Bloomberg reports, "The European Union and China managed to agree on a joint statement for Tuesday's summit in Brussels, papering over divisions on trade in a bid to present a common front to U.S. President Donald Trump, EU officials said. Diplomats reached an eleventh-hour accord on a draft communique after China made concessions on wording about industrial subsidies that removed a European veto threat, said one of the officials, who asked not to be identified by name. EU Council President Donald Tusk, European Commission President Jean-Claude Juncker and Chinese Premier Li Keqiang are due to attend the gathering in the Belgian capital. The last-minute agreement highlights European and Chinese determination to present unity in the face of Trump's "America First" challenge to the multilateral order. The EU is China's No. 1 trade partner, while the Chinese market is the second biggest for exports from the bloc after the U.S."
The New York Times reports, "China is planning new steps that could put a stop to making Bitcoin there, a move that could cut off one of the world's largest sources of the popular but unstable cryptocurrency. The National Development and Reform Commission, China's top economic planning body, this week added cryptocurrency mining to a list of about 450 industries that it proposes to eliminate. If the move is finalized, local governments in China would be prohibited from supporting makers of Bitcoin and other digital currencies through subsidies or other benefits.
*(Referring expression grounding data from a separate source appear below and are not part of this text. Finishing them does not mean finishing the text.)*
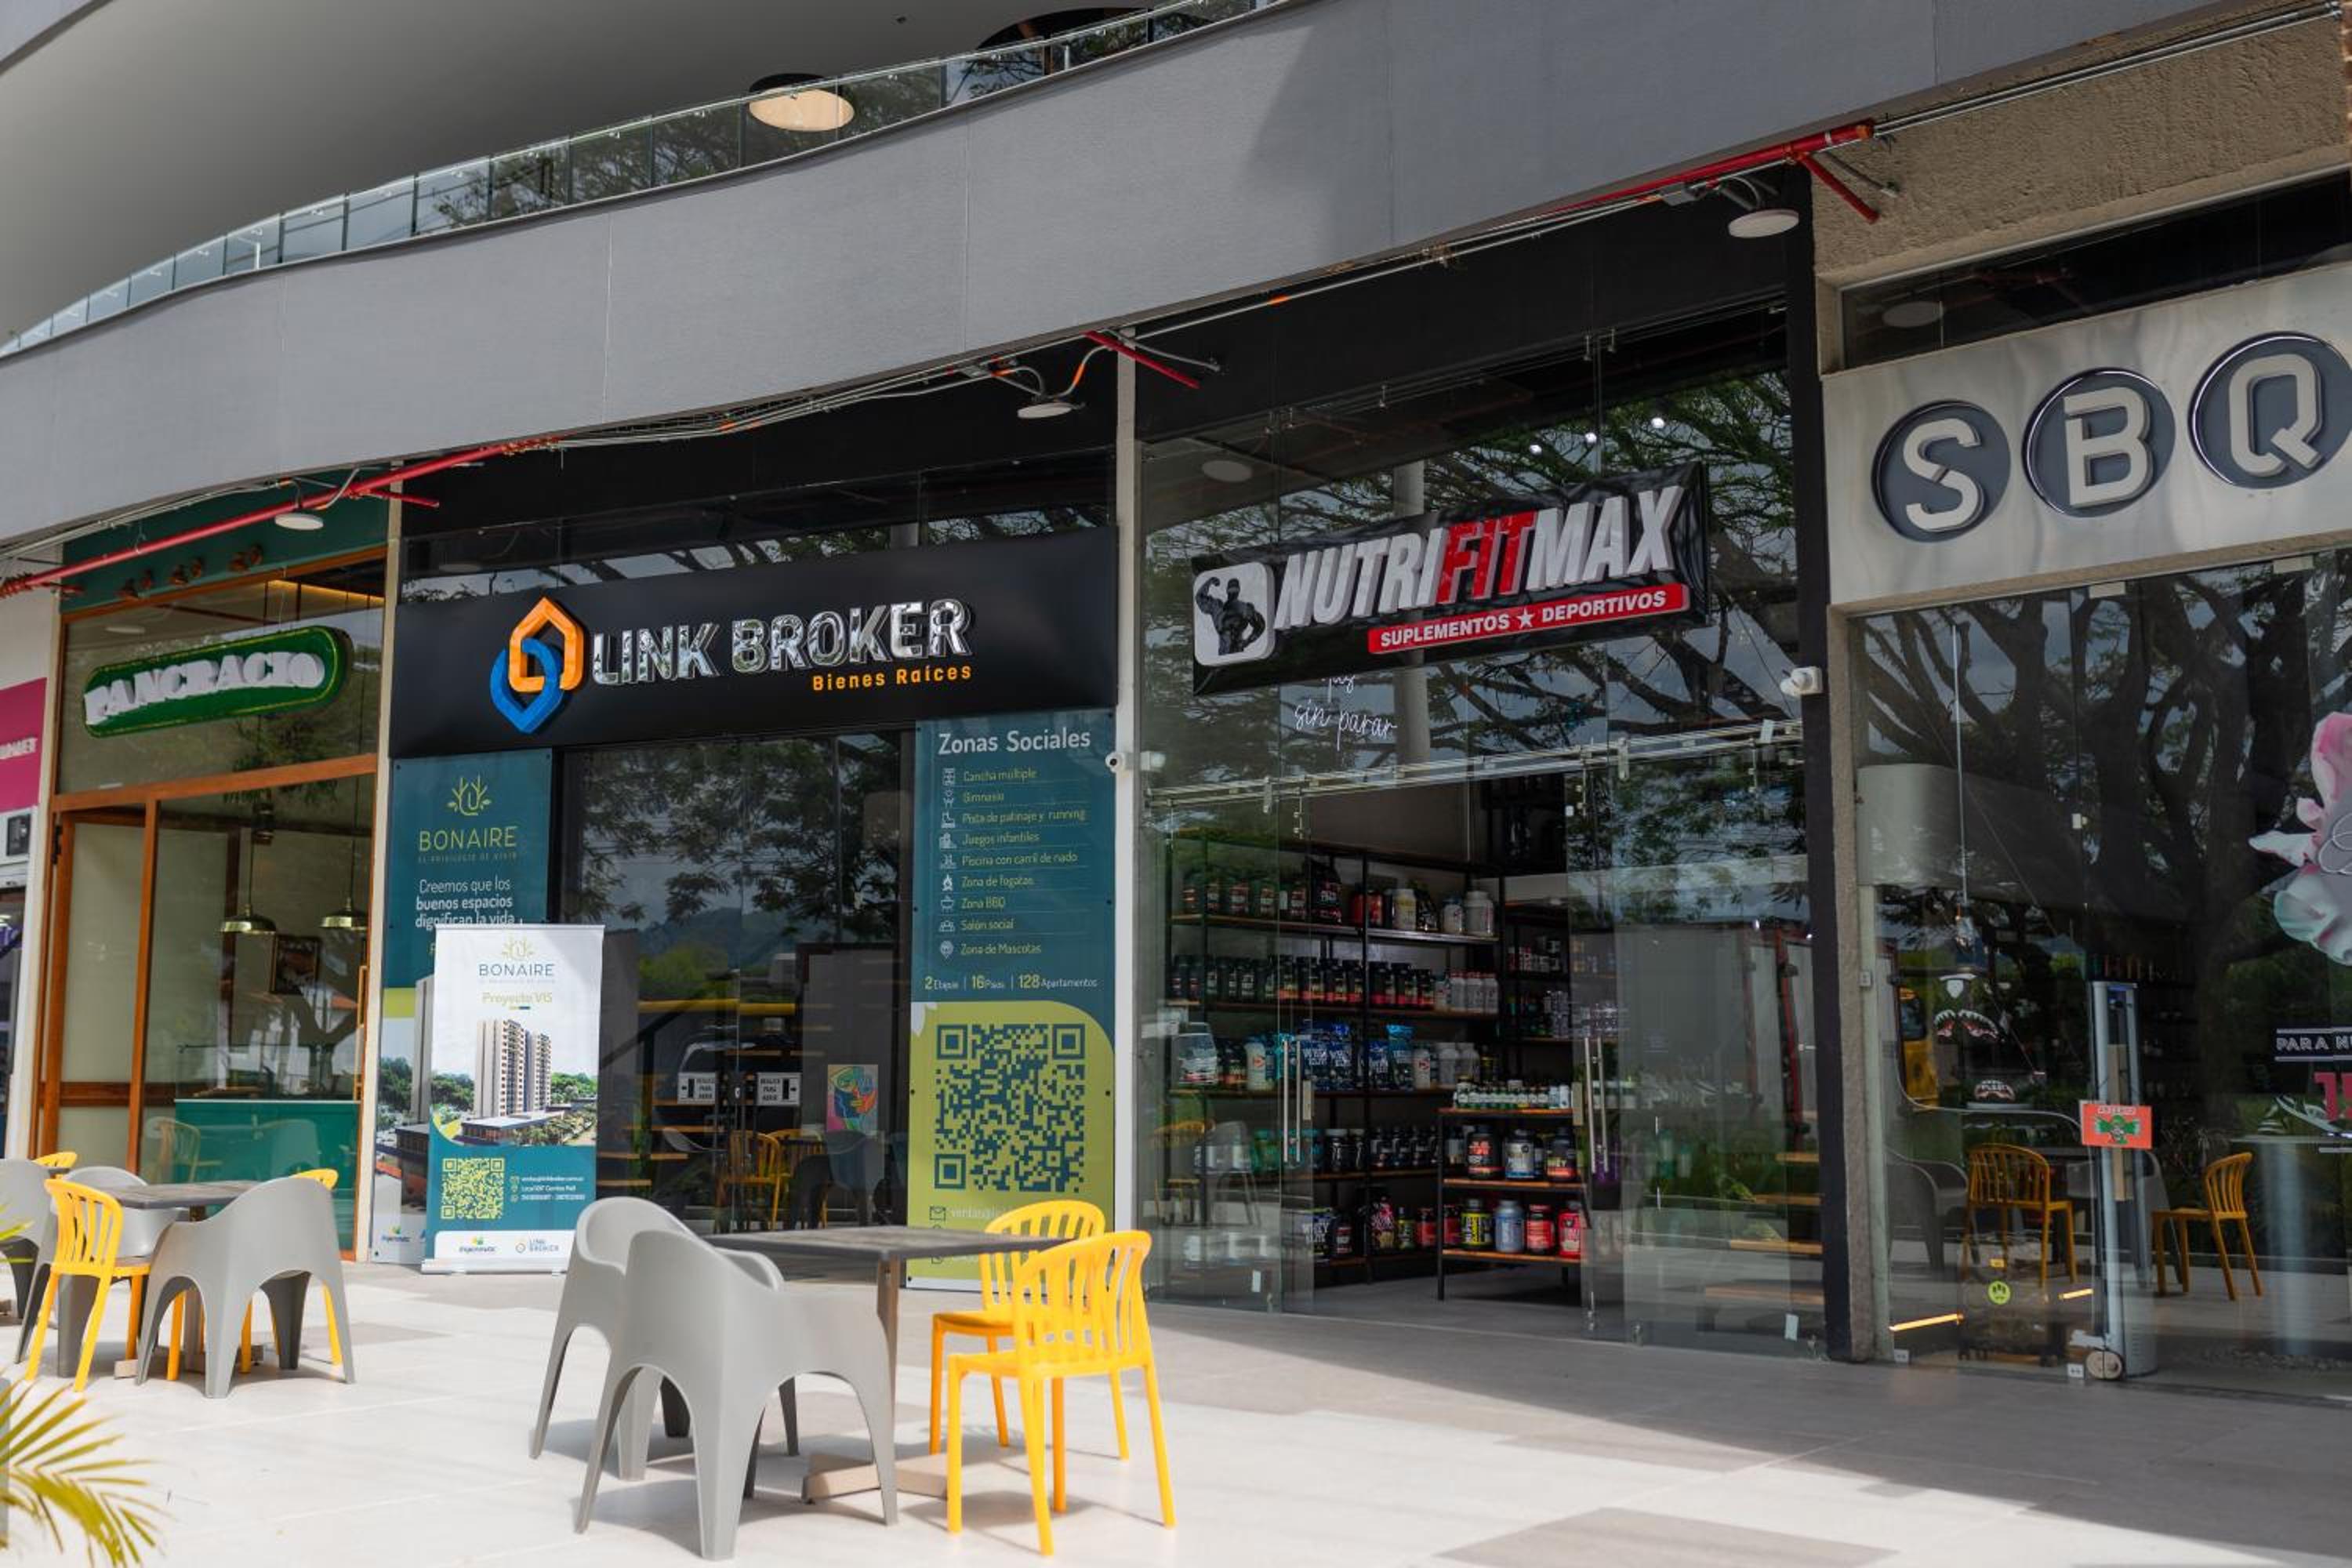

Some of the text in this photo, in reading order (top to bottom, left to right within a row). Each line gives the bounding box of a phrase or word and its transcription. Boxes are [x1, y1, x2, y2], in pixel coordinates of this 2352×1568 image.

[1274, 485, 1686, 630] NUTRIFITMAX
[1380, 590, 1666, 648] SUPLEMENTOS DEPORTIVOS
[593, 597, 972, 684] LINK BROKER
[84, 652, 325, 725] PANCRACIO
[812, 671, 886, 691] Bienes
[1337, 709, 1399, 751] parar
[938, 727, 1091, 755] Zonas Sociales
[1048, 810, 1086, 821] running
[419, 826, 518, 852] BONAIRE
[962, 831, 1040, 848] Juegos infantiles
[962, 855, 993, 866] Piscina
[996, 855, 1012, 865] con
[1040, 852, 1051, 863] de
[419, 875, 510, 895] Creemos que los
[961, 876, 984, 887] Zona
[985, 875, 998, 887] de
[416, 894, 514, 913] buenos espacios
[961, 898, 984, 909] Zona
[415, 909, 515, 931] dignifican la vida
[989, 918, 1014, 930] social
[960, 942, 1041, 955] Zona de Mascotas
[478, 963, 555, 977] BONAIRE
[971, 975, 985, 989] 16
[1019, 975, 1040, 989] 128
[1040, 978, 1098, 990] Apartamentos
[481, 992, 554, 1007] Proyecto VIS
[2276, 1036, 2329, 1051] PARA
The commission said it would seek public comment until May 7 before making a final decision. China was once the world's largest maker of Bitcoin, though rising government pressure has forced many of those who make the cryptocurrency, known as miners, to other countries."
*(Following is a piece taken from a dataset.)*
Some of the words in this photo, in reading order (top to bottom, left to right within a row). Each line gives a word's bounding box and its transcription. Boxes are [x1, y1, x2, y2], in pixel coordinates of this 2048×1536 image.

The Washington Post reports, "A court found nine leaders of Hong Kong's 2014 pro-democracy movement guilty Tuesday of charges including conspiracy and inciting a public nuisance, sparking outrage from supporters and human rights groups. The charges could carry jail terms of up to seven years, but the nine were granted bail while the sentencing hearings are underway. The convictions were the last of dozens resulting from protests almost five years ago to call for greater democracy in Hong Kong. The protests shut down parts of the city and lasted 79 days. Prosecutors said the nine had encouraged demonstrators to block major roads and cause obstructions in a bid to achieve their political demands. The nine activists, however, have argued that police and government actions prompted hundreds of thousands of people to protest, lengthening what was designed as a short and limited sit-in."